I don't really expect anyone else to get the joke here, of course; most Nigerians probably know Nel Oliver primarily for the 1998 ballad "Baby Girl," but amongst my circle of friends and family, this song--or rather, this video--was a running in-joke that just got funnier and funnier with each passing year.
I mean... It was jut so priceless: exaggerated, TV commercial-style drama, overheated histrionics, naff choreography, four-for-fifty kobo Michael Jackson imitators, extreme closeups of prodigiously mustachioed lips, white-framed plastic glasses--it had been a while since we'd seen a Nigerian music video that exulted so gloriously in its unabashed early 80s-ness!
The thing is, though: this joint dropped in 1989/90, by which time it felt absurdly anachronistic. But it was still a lot of fun because it was so... Well, I can't say that we were yet familiar with the term, "camp," but I guess we recognized it when we saw it!
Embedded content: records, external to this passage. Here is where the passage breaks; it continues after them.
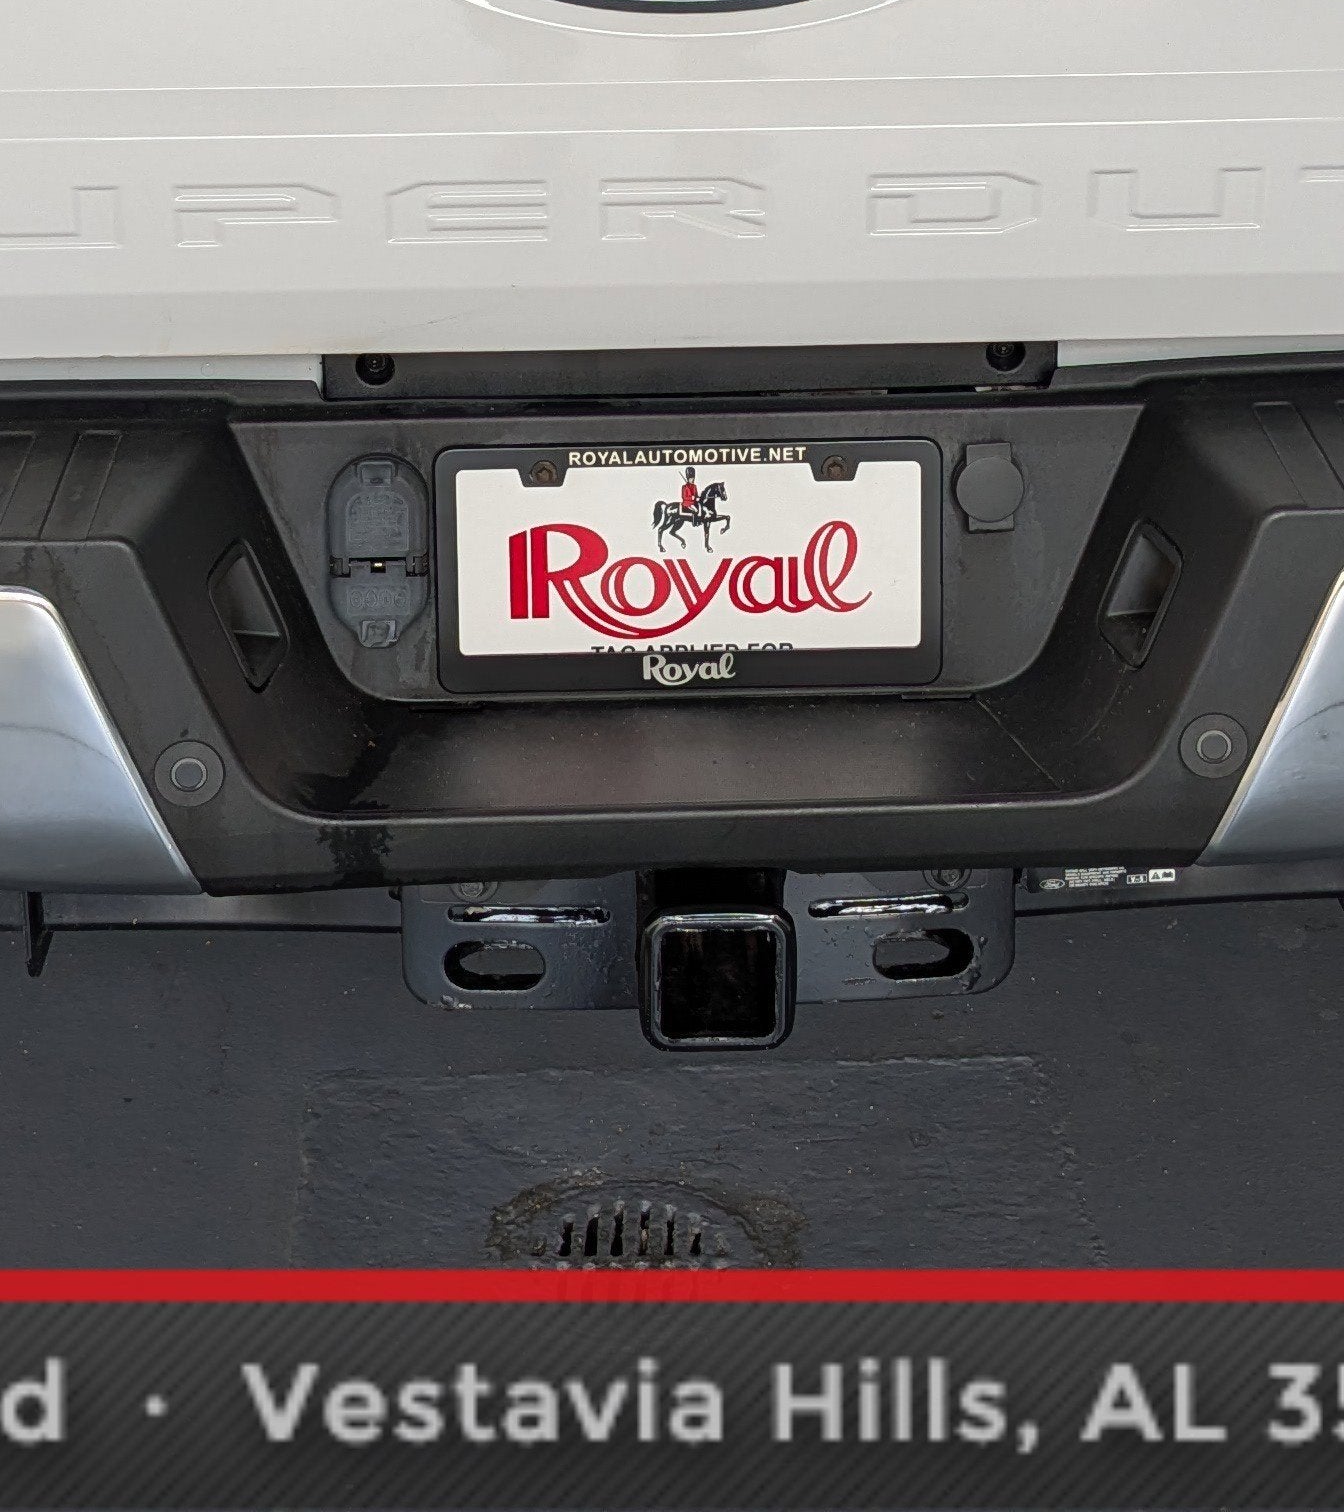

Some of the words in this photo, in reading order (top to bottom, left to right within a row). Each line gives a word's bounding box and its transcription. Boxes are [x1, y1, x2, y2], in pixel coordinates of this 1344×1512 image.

[567, 446, 807, 466] ROYALAUTOMOTIVE.NET
[508, 520, 873, 640] Royal
[642, 652, 737, 686] Royal
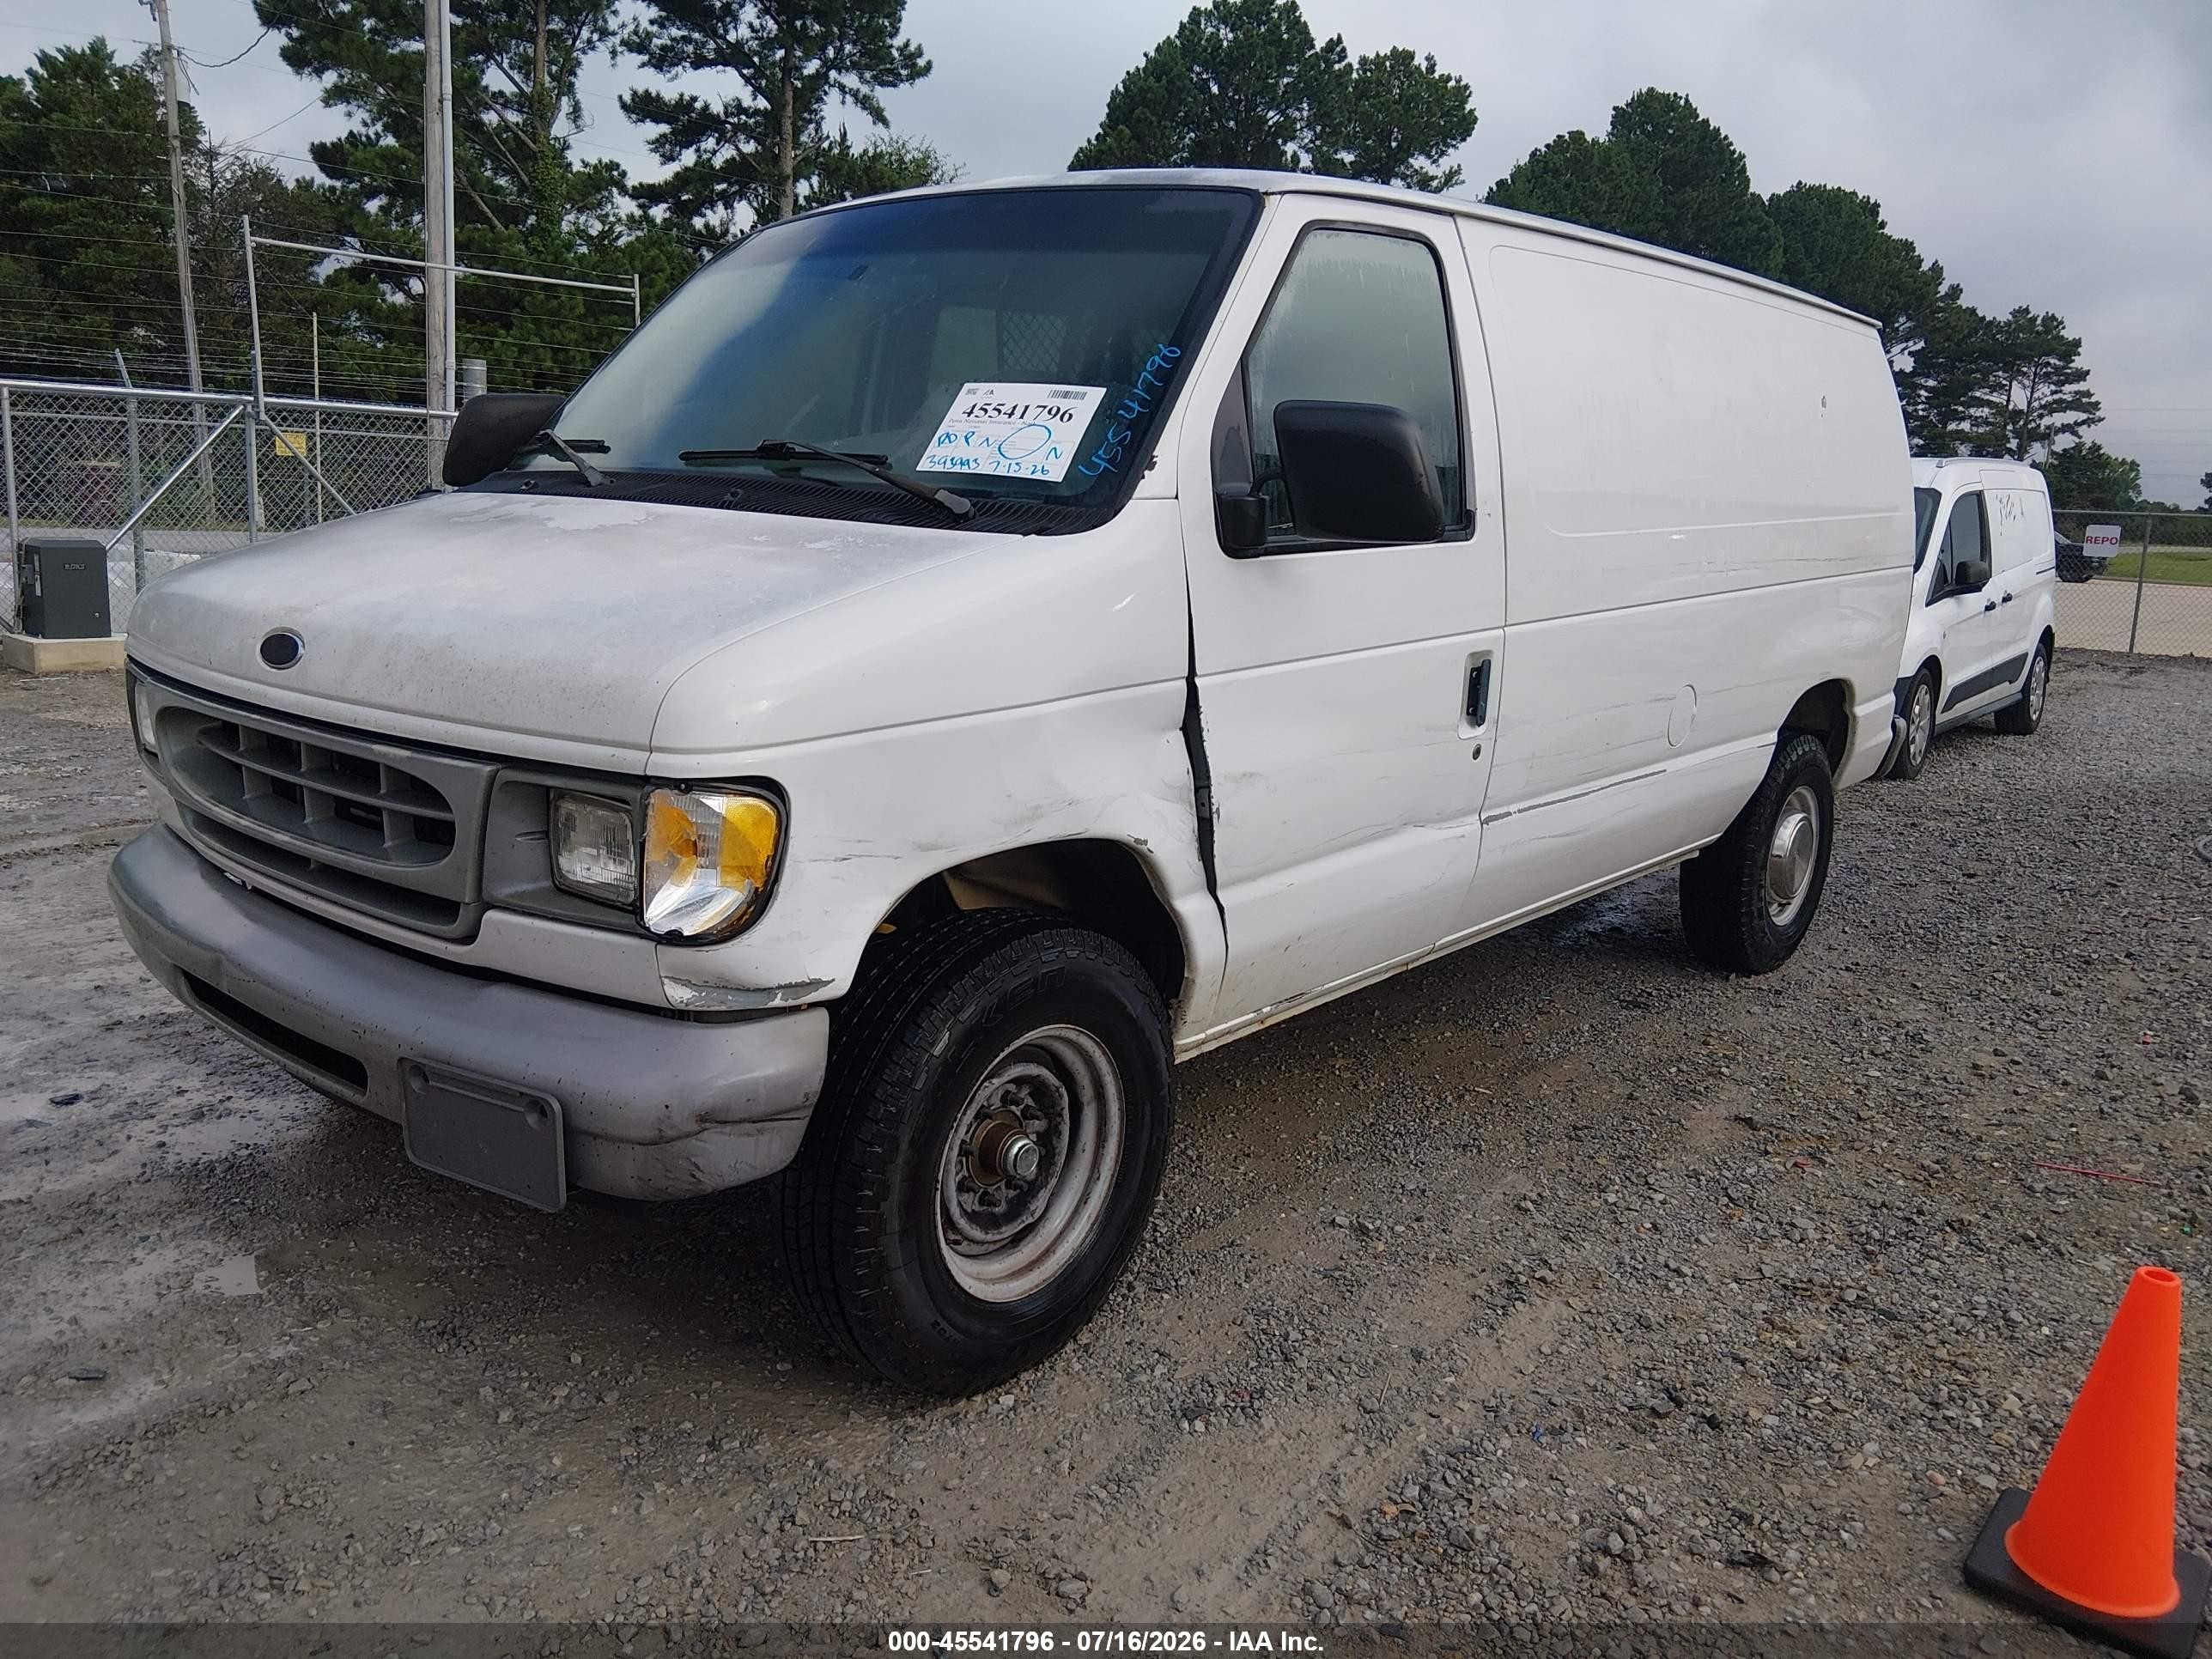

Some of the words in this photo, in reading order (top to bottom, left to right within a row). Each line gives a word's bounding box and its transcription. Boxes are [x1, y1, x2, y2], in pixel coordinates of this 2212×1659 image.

[962, 403, 1078, 423] 45541796
[1079, 343, 1182, 476] 45541796
[2086, 536, 2118, 545] REPO
I later learned a lot more about Nel Oliver, though. For one thing, he's not from Nigeria at all, but from the neighboring Republic of Benin. (Which is probably why he's singing in French, duh!) (Though to be honest, I don't remember even noticing that for a long time--we thought that on the chorus he was exclaiming music funfair! rather than musique d'enfer!) And more than that, long before Angelique Kidjo ever picked up a microphone, Nel Oliver was Benin's first international superstar.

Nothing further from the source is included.